• _What you will do_
Leaving the pictures aside, transcribe every line below exactly.

-------- The records --------

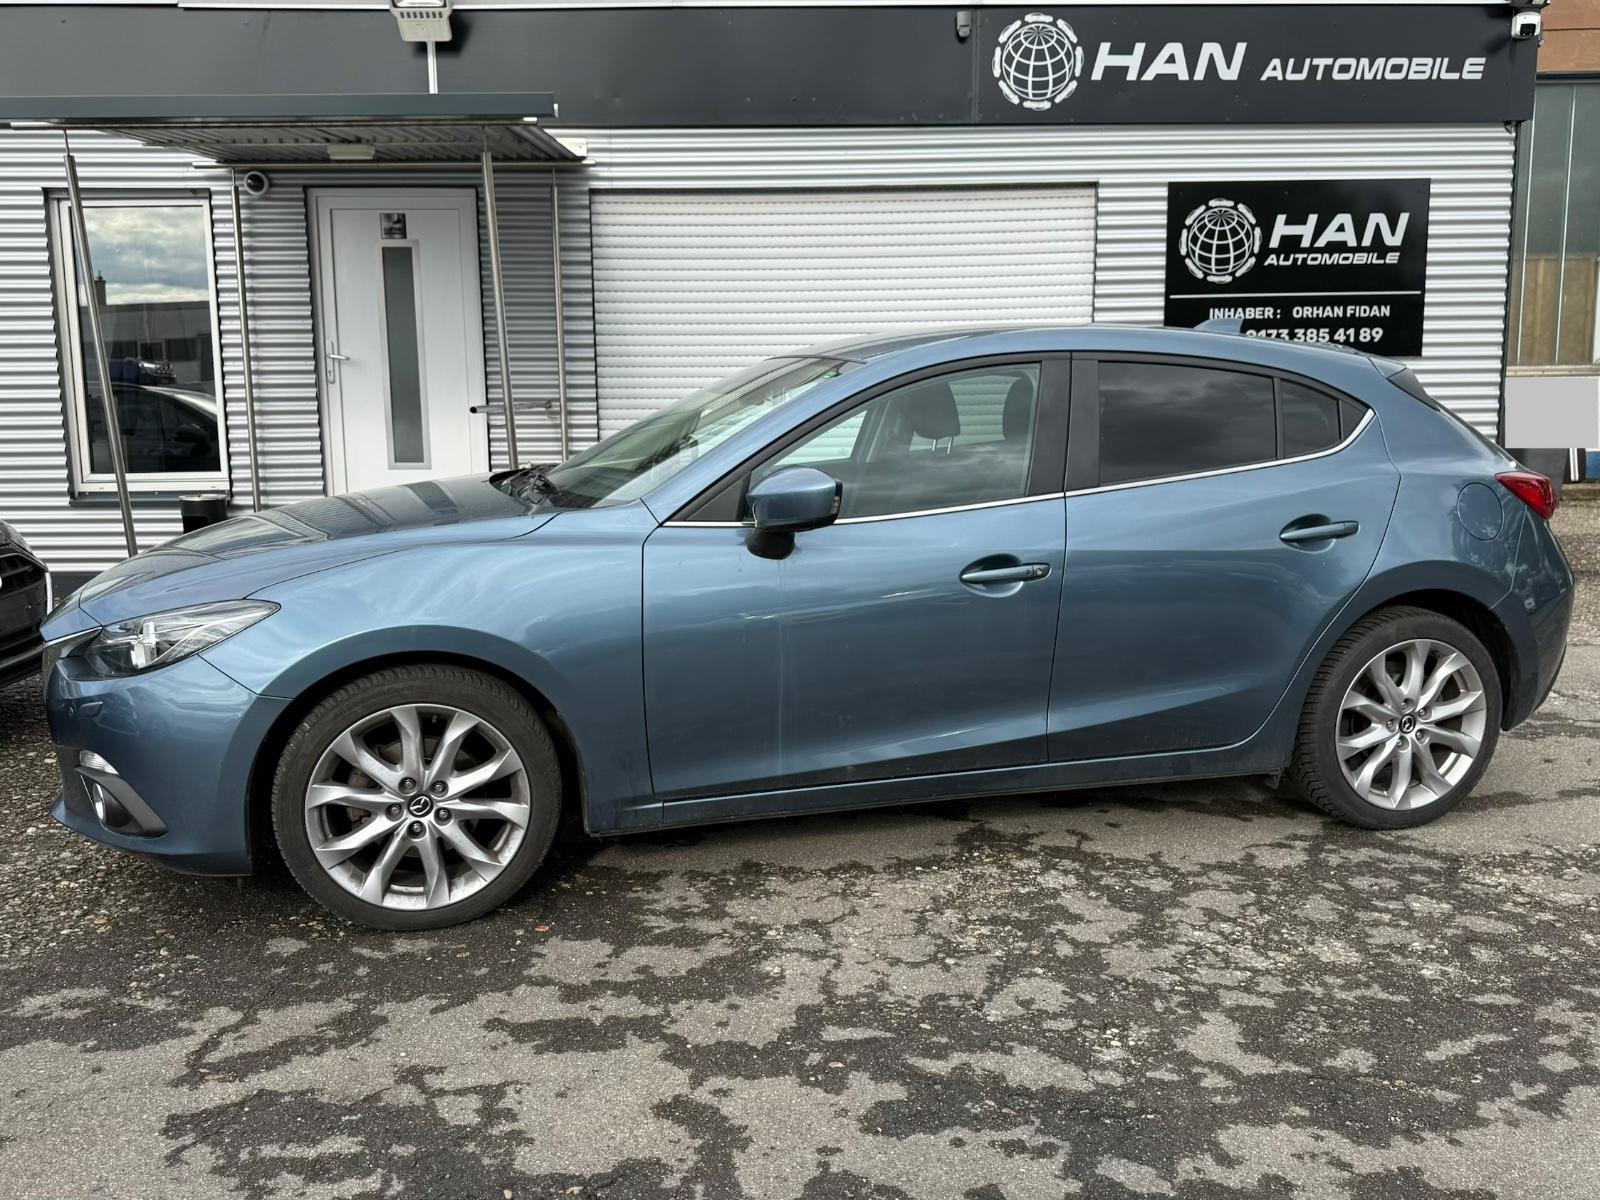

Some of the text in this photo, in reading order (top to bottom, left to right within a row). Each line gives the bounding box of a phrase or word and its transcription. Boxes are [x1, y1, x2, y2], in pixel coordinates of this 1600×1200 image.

[1090, 41, 1486, 82] HAN AUTOMOBILE
[1268, 212, 1410, 249] HAN
[1264, 252, 1401, 267] AUTOMOBILE
[1292, 306, 1344, 319] ORHAN
[1347, 305, 1391, 318] FIDAN
[1293, 328, 1330, 343] 385
[1333, 328, 1355, 343] 41
[1358, 327, 1384, 342] 89
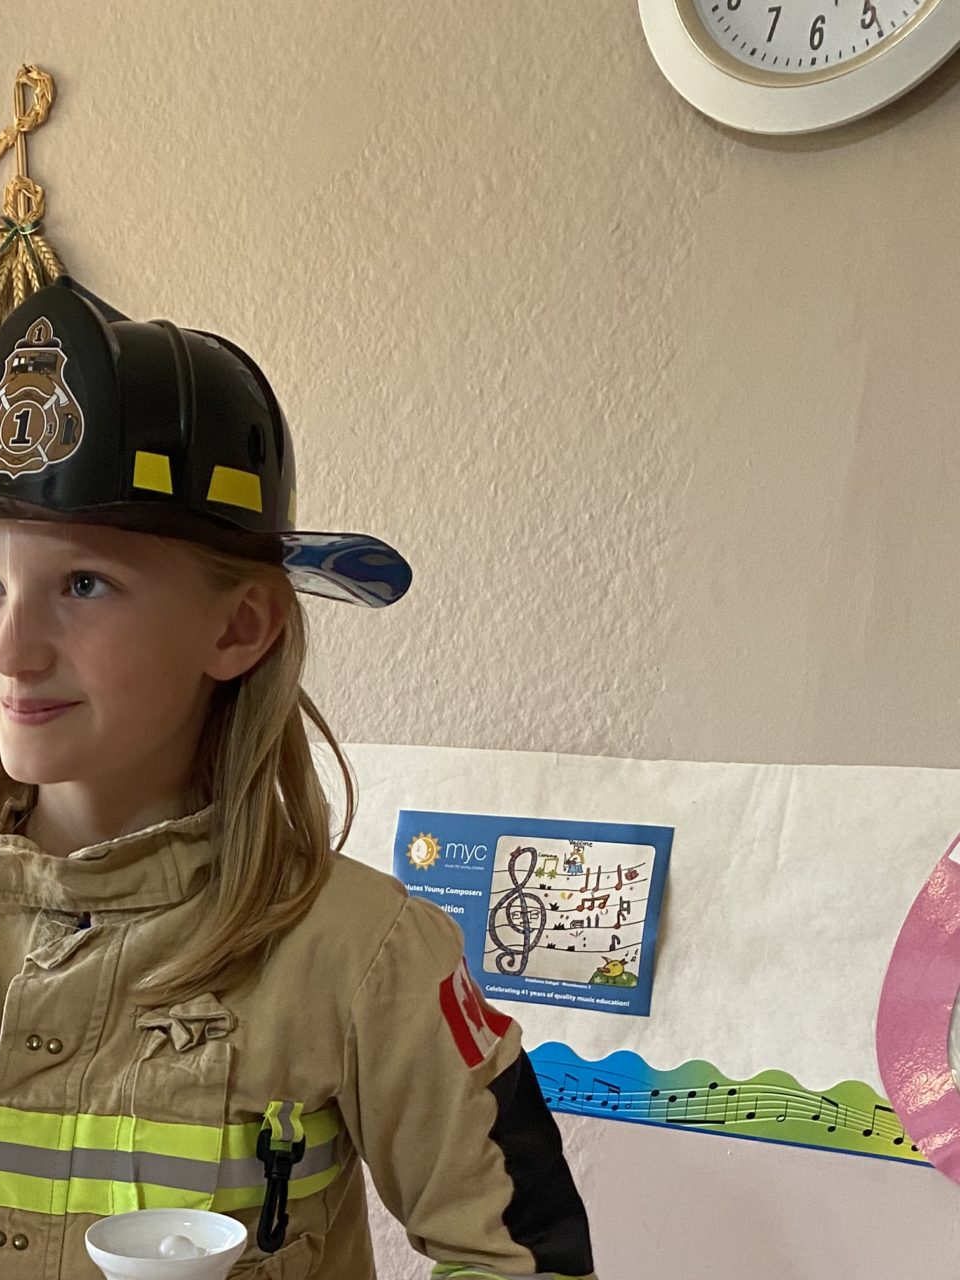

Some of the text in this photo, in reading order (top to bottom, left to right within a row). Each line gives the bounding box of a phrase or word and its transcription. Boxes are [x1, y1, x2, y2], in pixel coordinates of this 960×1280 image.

[766, 6, 782, 43] 7
[809, 14, 826, 51] 6
[32, 325, 44, 343] 1
[9, 408, 32, 447] 1
[445, 842, 488, 864] myc
[424, 885, 445, 895] Young
[445, 887, 483, 897] Composers
[485, 985, 520, 995] Celebrating
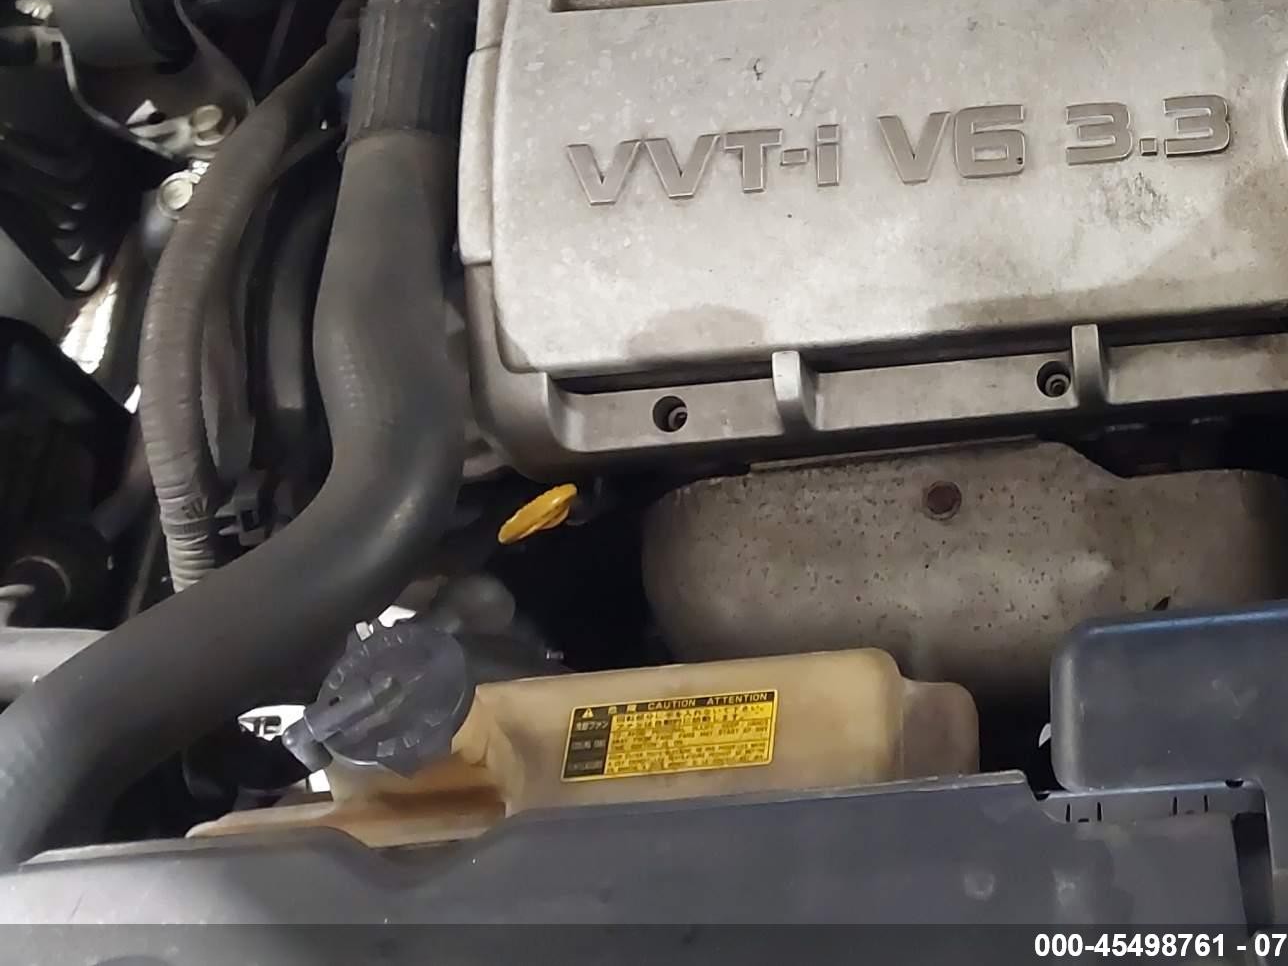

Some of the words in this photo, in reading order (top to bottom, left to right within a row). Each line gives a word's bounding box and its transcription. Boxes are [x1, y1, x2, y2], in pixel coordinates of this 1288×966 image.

[567, 123, 841, 206] VVT-i
[876, 104, 1027, 185] V6
[1066, 95, 1231, 166] 3.3
[647, 698, 696, 711] CAUTION
[706, 692, 768, 706] ATTENTION

--------

• _Output below_
Some of the text in this photo, in reading order (top to bottom, left to right within a row). Each line gives the bounding box of a phrase or word and its transcription. Boxes are [x1, y1, x2, y2], in pixel coordinates of this 1600×1200 image.

[1090, 41, 1486, 82] HAN AUTOMOBILE
[1268, 212, 1410, 249] HAN
[1264, 252, 1401, 267] AUTOMOBILE
[1292, 306, 1344, 319] ORHAN
[1347, 305, 1391, 318] FIDAN
[1293, 328, 1330, 343] 385
[1333, 328, 1355, 343] 41
[1358, 327, 1384, 342] 89

Some of the text in this photo, in reading order (top to bottom, left to right within a row). Each line gives the bounding box of a phrase or word and its transcription. Boxes are [x1, y1, x2, y2], in pixel coordinates of this 960×1280 image.

[766, 6, 782, 43] 7
[809, 14, 826, 51] 6
[32, 325, 44, 343] 1
[9, 408, 32, 447] 1
[445, 842, 488, 864] myc
[424, 885, 445, 895] Young
[445, 887, 483, 897] Composers
[485, 985, 520, 995] Celebrating

Some of the words in this photo, in reading order (top to bottom, left to right within a row). Each line gives a word's bounding box and its transcription. Boxes are [x1, y1, x2, y2], in pixel coordinates of this 1288×966 image.

[567, 123, 841, 206] VVT-i
[876, 104, 1027, 185] V6
[1066, 95, 1231, 166] 3.3
[647, 698, 696, 711] CAUTION
[706, 692, 768, 706] ATTENTION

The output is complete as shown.